* [EXERCISE AIM] Lines before the one containing "this 2000×1106 image." are left out; that line and all after it, through the end of the records, must be transcribed exactly.

Stored records
********************
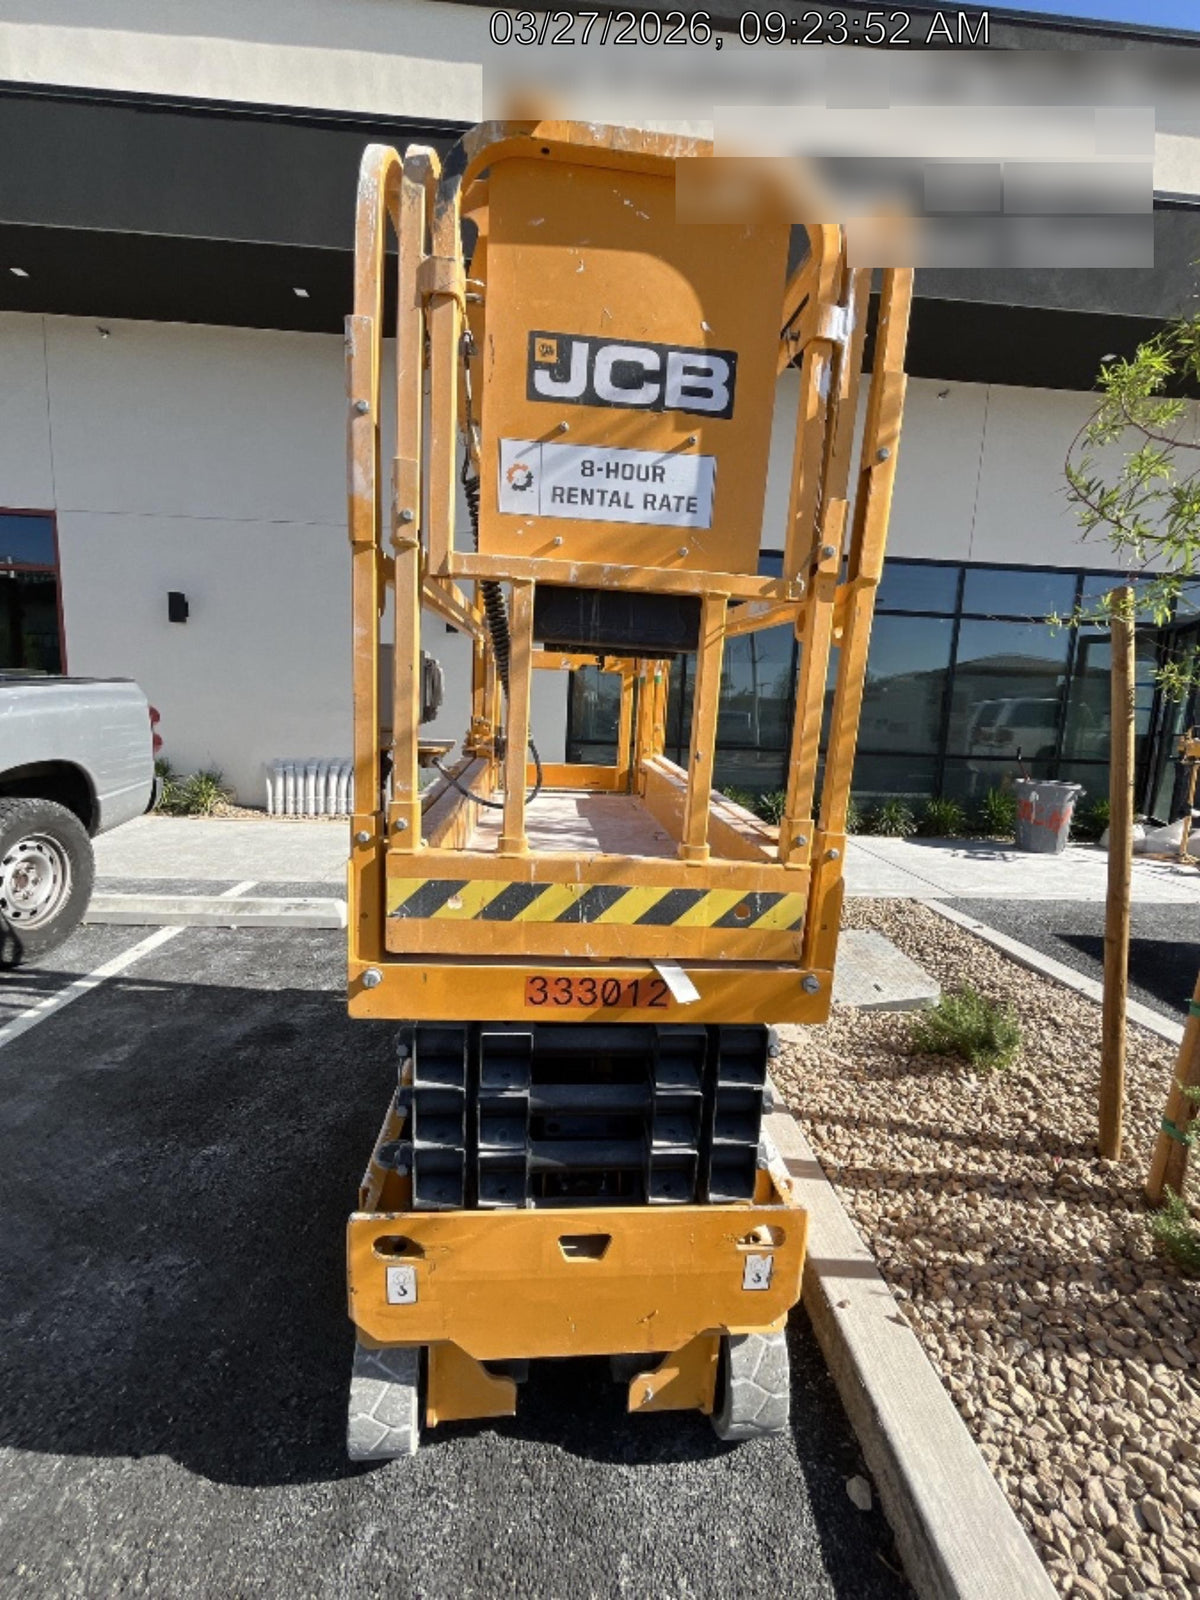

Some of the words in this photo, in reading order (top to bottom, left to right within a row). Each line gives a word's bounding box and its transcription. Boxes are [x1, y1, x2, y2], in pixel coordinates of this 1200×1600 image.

[533, 341, 730, 411] JCB
[580, 460, 666, 483] 8-HOUR
[551, 486, 635, 509] RENTAL
[643, 493, 698, 514] RATE
[528, 976, 669, 1007] 333012
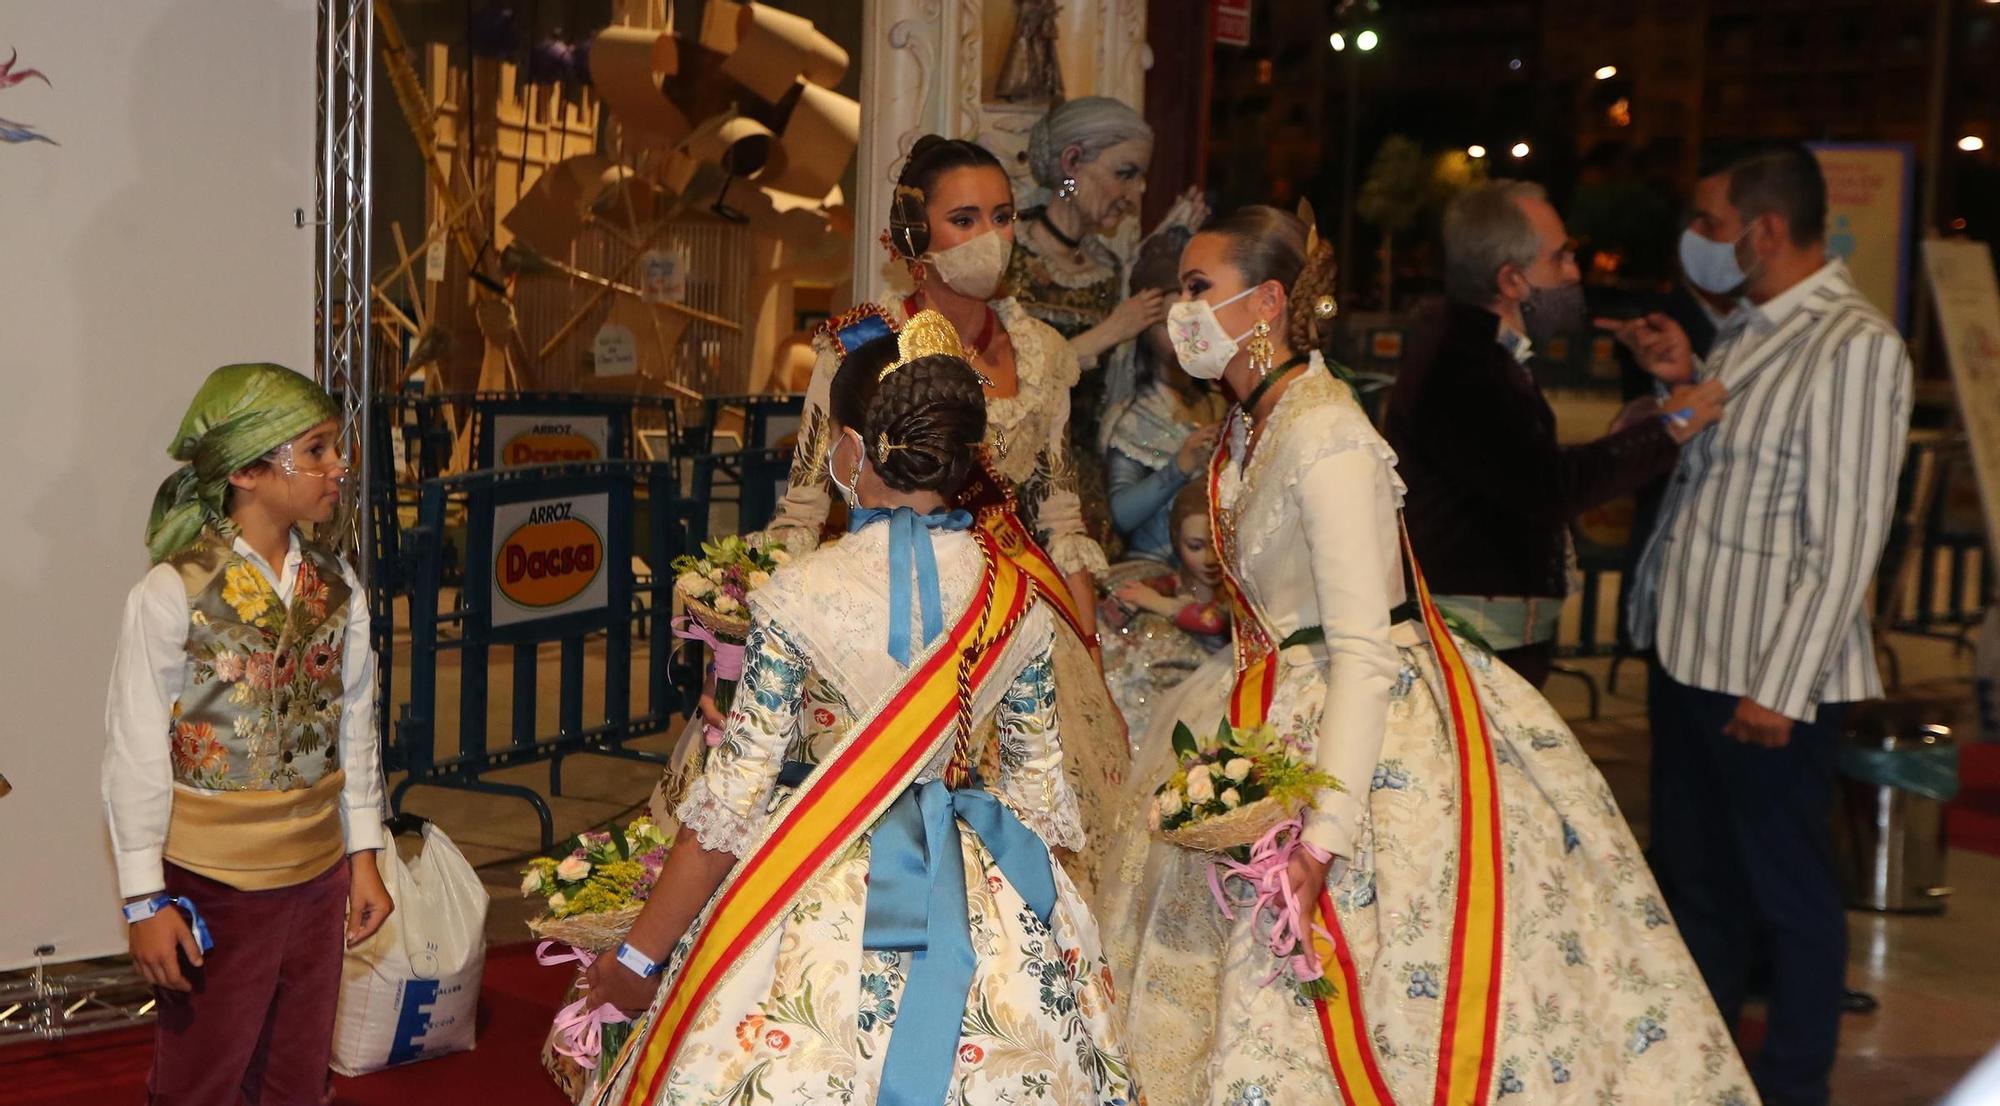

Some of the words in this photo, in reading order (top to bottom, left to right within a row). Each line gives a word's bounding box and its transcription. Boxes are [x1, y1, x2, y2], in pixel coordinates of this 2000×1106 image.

[533, 424, 572, 435] ARROZ
[528, 503, 572, 525] ARROZ
[506, 544, 595, 584] Dacsa
********************
* [SOLUTION TO THIS PROBLEM]
Some of the words in this photo, in reading order (top to bottom, left to right within a row). Each line gives a word's bounding box and its transcription. Boxes are [x1, y1, x2, y2], in pixel coordinates of this 2000×1106 image.

[533, 424, 572, 435] ARROZ
[528, 503, 572, 525] ARROZ
[506, 544, 595, 584] Dacsa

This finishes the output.